(Spatial localization data)
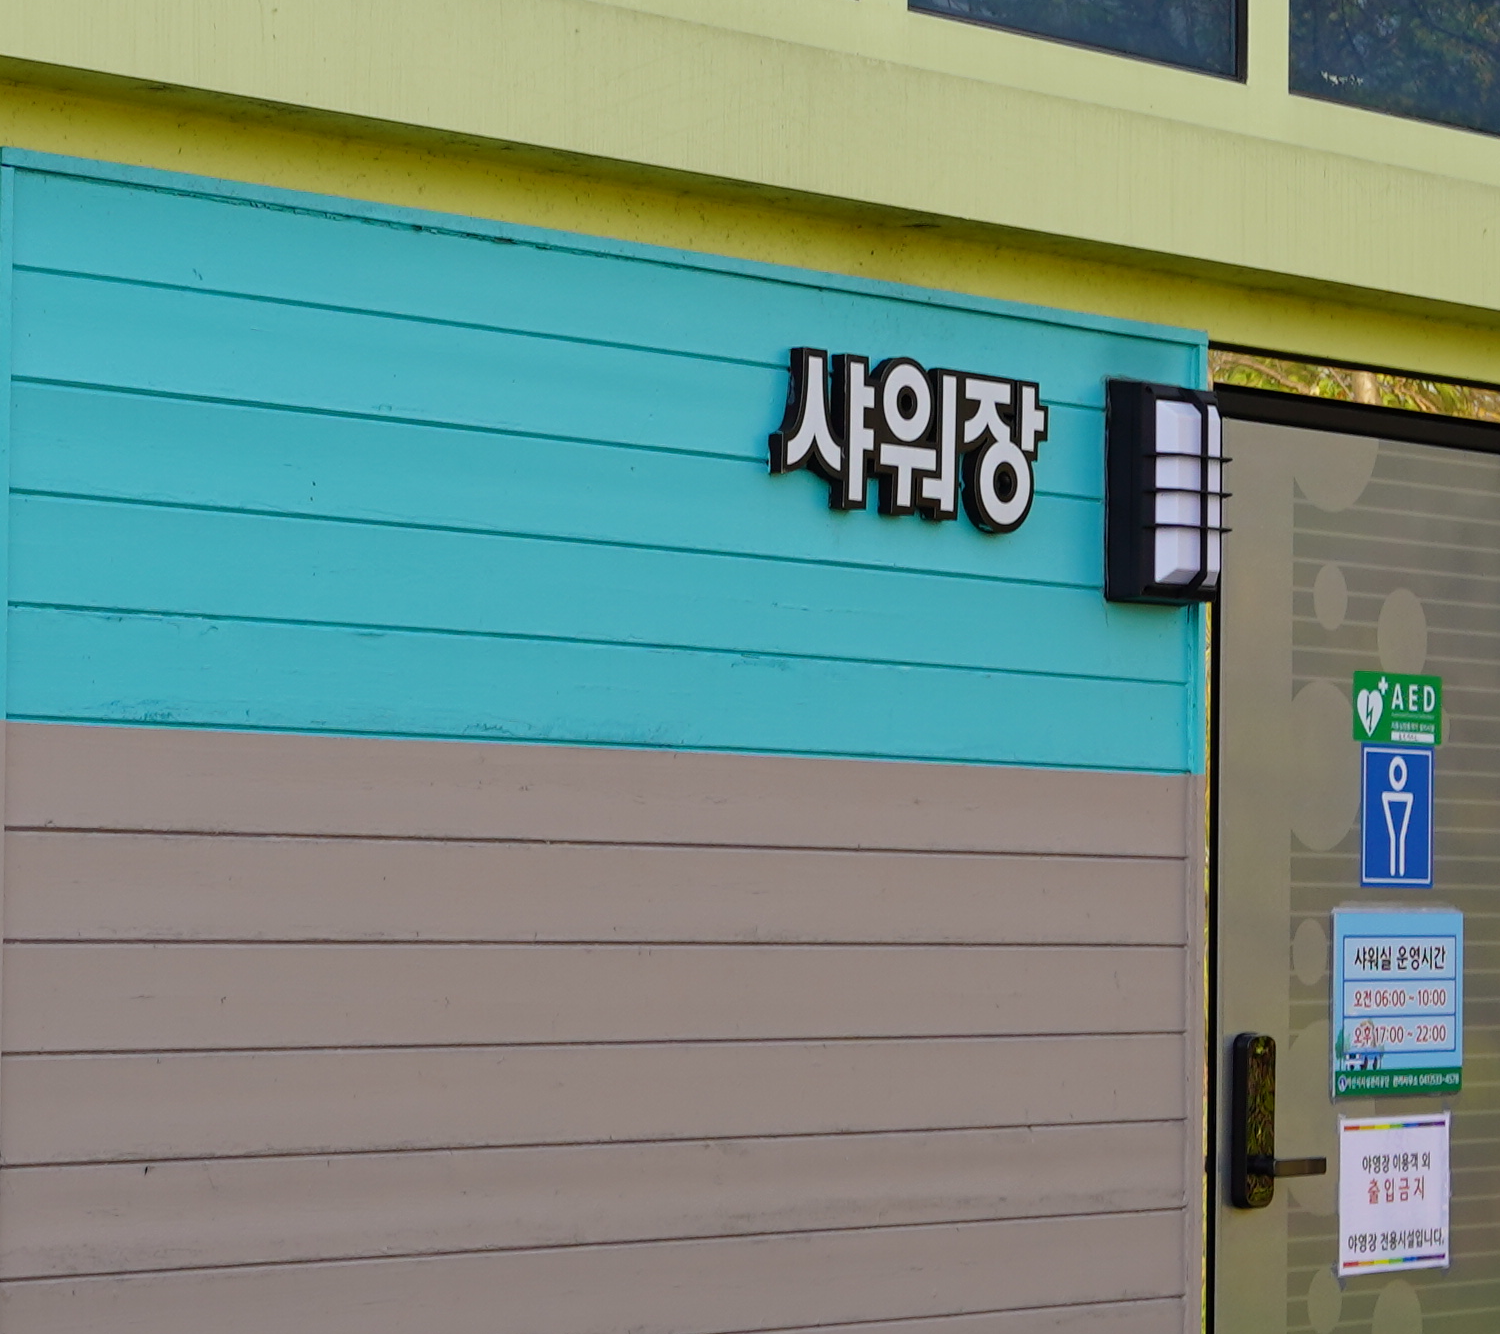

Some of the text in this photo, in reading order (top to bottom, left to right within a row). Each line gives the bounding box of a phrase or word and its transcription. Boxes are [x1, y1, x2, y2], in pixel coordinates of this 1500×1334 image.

[770, 347, 1048, 534] 샤워장
[1391, 682, 1436, 713] AED
[1354, 945, 1446, 971] 샤워실 운영시간
[1354, 989, 1372, 1008] 오전
[1375, 990, 1406, 1007] 06:00
[1418, 989, 1446, 1007] 10:00
[1354, 1026, 1372, 1046] 오후
[1375, 1026, 1404, 1044] 17:00
[1416, 1025, 1446, 1042] 22:00
[1392, 1152, 1418, 1172] 이용객
[1422, 1151, 1430, 1170] 외

- _Exercise aim_:
Only text belongs in the copy: repeat each line of the data exactly and leave out the pictures.

- _Response box_:
Some of the text in this photo, in reading order (top to bottom, left to right within a row). Each line gives the bounding box of a phrase or word and its transcription. Boxes are [x1, y1, x2, y2], in pixel coordinates of this 1500×1334 image.

[770, 347, 1048, 534] 샤워장
[1391, 682, 1436, 713] AED
[1354, 945, 1446, 971] 샤워실 운영시간
[1354, 989, 1372, 1008] 오전
[1375, 990, 1406, 1007] 06:00
[1418, 989, 1446, 1007] 10:00
[1354, 1026, 1372, 1046] 오후
[1375, 1026, 1404, 1044] 17:00
[1416, 1025, 1446, 1042] 22:00
[1392, 1152, 1418, 1172] 이용객
[1422, 1151, 1430, 1170] 외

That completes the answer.